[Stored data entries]
::::::
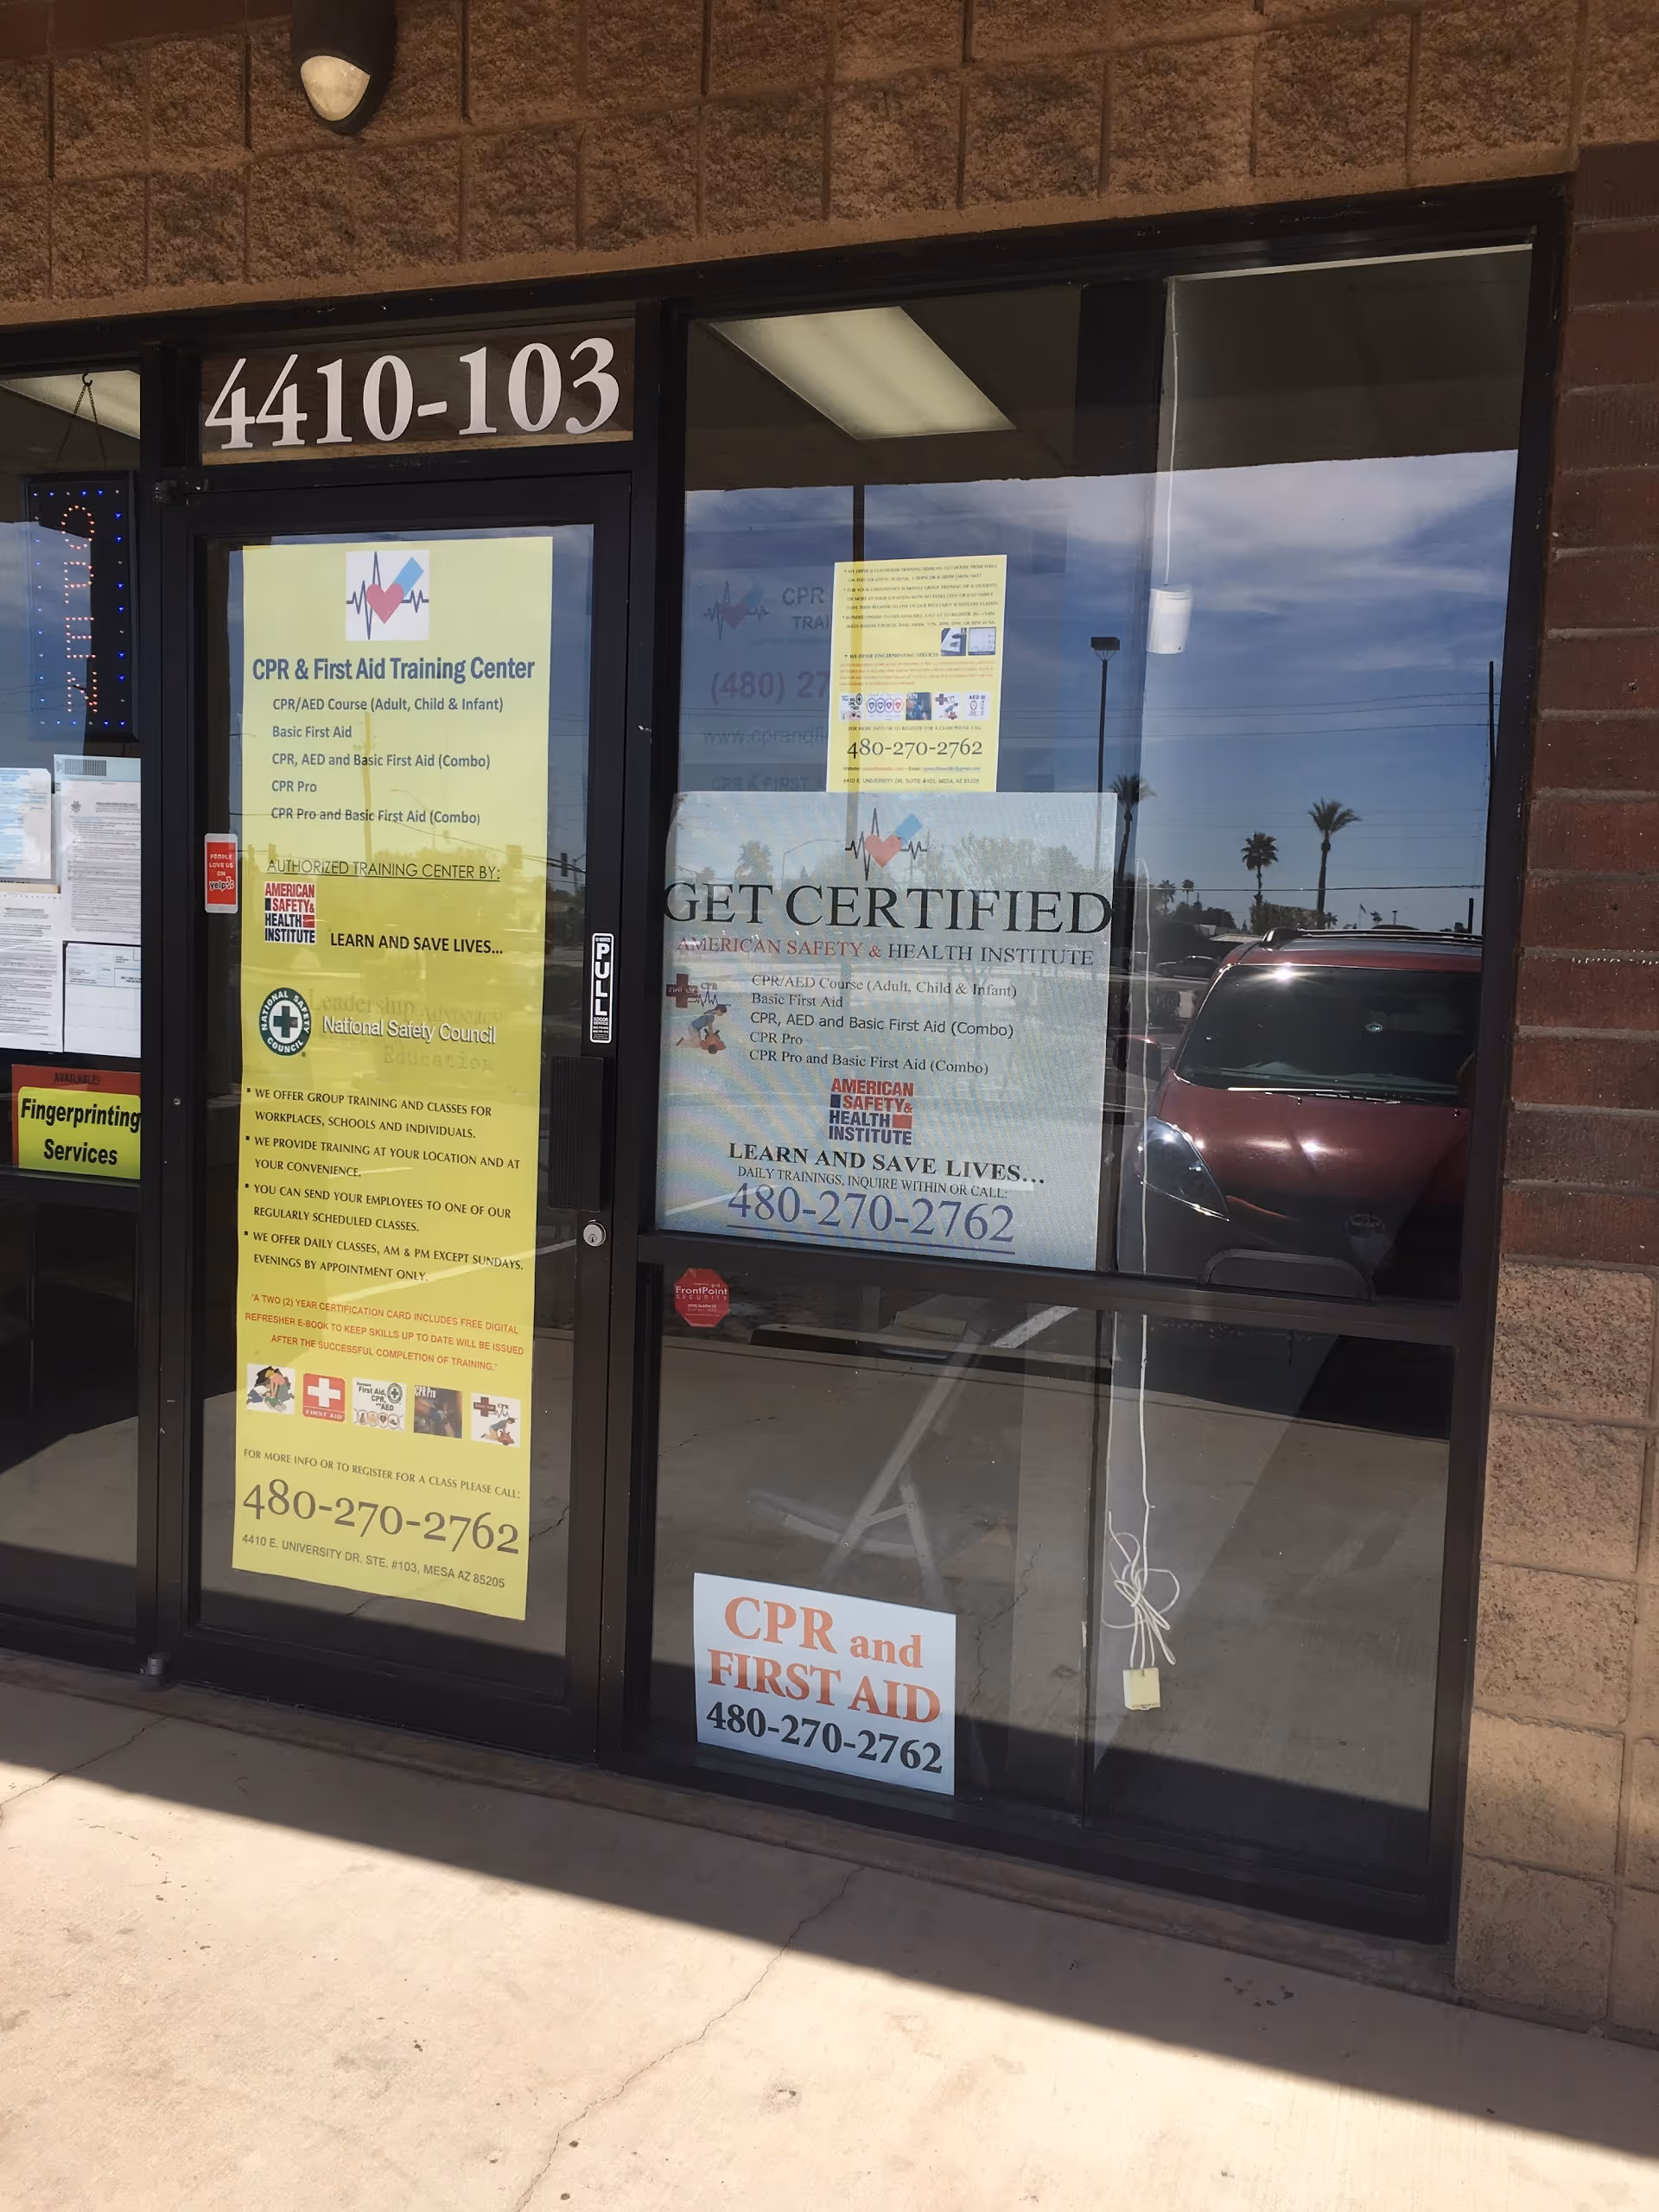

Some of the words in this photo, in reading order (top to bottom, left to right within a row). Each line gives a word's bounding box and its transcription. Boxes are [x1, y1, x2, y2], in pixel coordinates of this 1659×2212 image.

[204, 337, 620, 450] 4410-103
[60, 504, 99, 713] OPEN
[782, 587, 824, 606] CPR
[252, 658, 289, 680] CPR
[294, 658, 309, 680] &
[314, 658, 353, 680] First
[354, 657, 385, 680] Aid
[389, 657, 467, 684] Training
[469, 656, 536, 679] Center
[710, 671, 786, 706] (480)
[272, 696, 325, 712] CPR/AED
[327, 697, 367, 710] Course
[370, 696, 411, 713] (Adult,
[413, 696, 445, 710] Child
[448, 696, 459, 710] &
[461, 696, 504, 713] Infant)
[271, 725, 302, 738] Basic
[304, 725, 330, 738] First
[332, 725, 353, 738] Aid
[847, 737, 983, 760] 480-270-2762
[270, 779, 295, 792] CPR
[297, 780, 317, 792] Pro
[267, 860, 349, 874] AUTHORIZED
[353, 861, 417, 877] TRAINING
[421, 864, 474, 879] CENTER
[479, 866, 499, 880] BY:
[264, 882, 315, 898] AMERICAN
[264, 913, 302, 928] HEALTH
[664, 881, 773, 924] GET
[785, 884, 1115, 935] CERTIFIED
[264, 928, 315, 944] INSTITUTE
[330, 932, 375, 948] LEARN
[378, 935, 410, 950] AND
[413, 936, 449, 952] SAVE
[453, 938, 503, 954] LIVES...
[676, 934, 781, 956] AMERICAN
[786, 939, 863, 957] SAFETY
[868, 943, 882, 958] &
[887, 943, 973, 961] HEALTH
[980, 946, 1094, 969] INSTITUTE
[594, 942, 610, 1016] PULL
[751, 974, 816, 990] CPR/AED
[820, 976, 864, 991] Course
[867, 978, 912, 995] (Adult,
[915, 980, 951, 995] Child
[955, 982, 968, 996] &
[972, 982, 1017, 999] Infant)
[261, 990, 289, 1031] NATIONAL
[294, 995, 310, 1033] SAFETY
[751, 992, 785, 1005] Basic
[788, 994, 817, 1007] First
[819, 995, 843, 1007] Aid
[323, 1015, 385, 1037] National
[386, 1020, 436, 1044] Safety
[439, 1023, 497, 1045] Council
[748, 1031, 778, 1044] CPR
[781, 1033, 803, 1045] Pro
[749, 1011, 781, 1027] CPR,
[785, 1013, 815, 1027] AED
[817, 1015, 844, 1028] and
[849, 1015, 885, 1030] Basic
[888, 1017, 919, 1032] First
[923, 1020, 946, 1033] Aid
[950, 1020, 1014, 1039] (Combo)
[267, 1037, 303, 1052] COUNCIL
[748, 1049, 778, 1062] CPR
[781, 1050, 803, 1063] Pro
[805, 1052, 828, 1065] and
[831, 1053, 867, 1067] Basic
[869, 1055, 899, 1069] First
[902, 1058, 926, 1071] Aid
[930, 1059, 988, 1075] (Combo)
[830, 1077, 914, 1096] AMERICAN
[21, 1097, 140, 1134] Fingerprinting
[254, 1088, 270, 1099] WE
[272, 1090, 304, 1101] OFFER
[307, 1092, 345, 1104] GROUP
[346, 1095, 397, 1109] TRAINING
[400, 1099, 424, 1110] AND
[426, 1102, 467, 1115] CLASSES
[470, 1104, 492, 1116] FOR
[830, 1110, 891, 1128] HEALTH
[829, 1125, 912, 1146] INSTITUTE
[43, 1138, 118, 1166] Services
[728, 1142, 809, 1164] LEARN
[813, 1150, 866, 1168] AND
[872, 1154, 937, 1174] SAVE
[945, 1160, 1045, 1184] LIVES...
[737, 1165, 774, 1179] DAILY
[776, 1169, 845, 1185] TRAININGS,
[847, 1175, 898, 1190] INQUIRE
[899, 1179, 947, 1193] WITHIN
[949, 1183, 968, 1196] OR
[969, 1185, 1007, 1198] CALL:
[727, 1181, 1015, 1243] 480-270-2762
[675, 1286, 728, 1295] FrontPoint
[270, 1334, 299, 1345] AFTER
[299, 1338, 317, 1348] THE
[317, 1340, 373, 1356] SUCCESSFUL
[375, 1348, 435, 1363] COMPLETION
[435, 1355, 449, 1364] OF
[415, 1385, 426, 1396] CPR
[426, 1388, 436, 1399] Pro
[306, 1409, 327, 1418] FIRST
[243, 1478, 519, 1554] 480-270-2762
[241, 1534, 267, 1547] 4410
[269, 1537, 278, 1548] E.
[282, 1540, 342, 1559] UNIVERSITY
[344, 1550, 363, 1563] DR.
[365, 1554, 389, 1568] STE.
[391, 1560, 420, 1575] #103,
[423, 1564, 455, 1581] MESA
[456, 1569, 472, 1582] AZ
[472, 1573, 505, 1588] 85205
[724, 1596, 838, 1655] CPR
[849, 1634, 925, 1669] and
[707, 1648, 842, 1707] FIRST
[847, 1675, 942, 1724] AID
[705, 1701, 944, 1774] 480-270-2762
::::::
Assigned task: Go through the entries above and copy each line holding the string "Child".

Reply:
[413, 696, 445, 710] Child
[915, 980, 951, 995] Child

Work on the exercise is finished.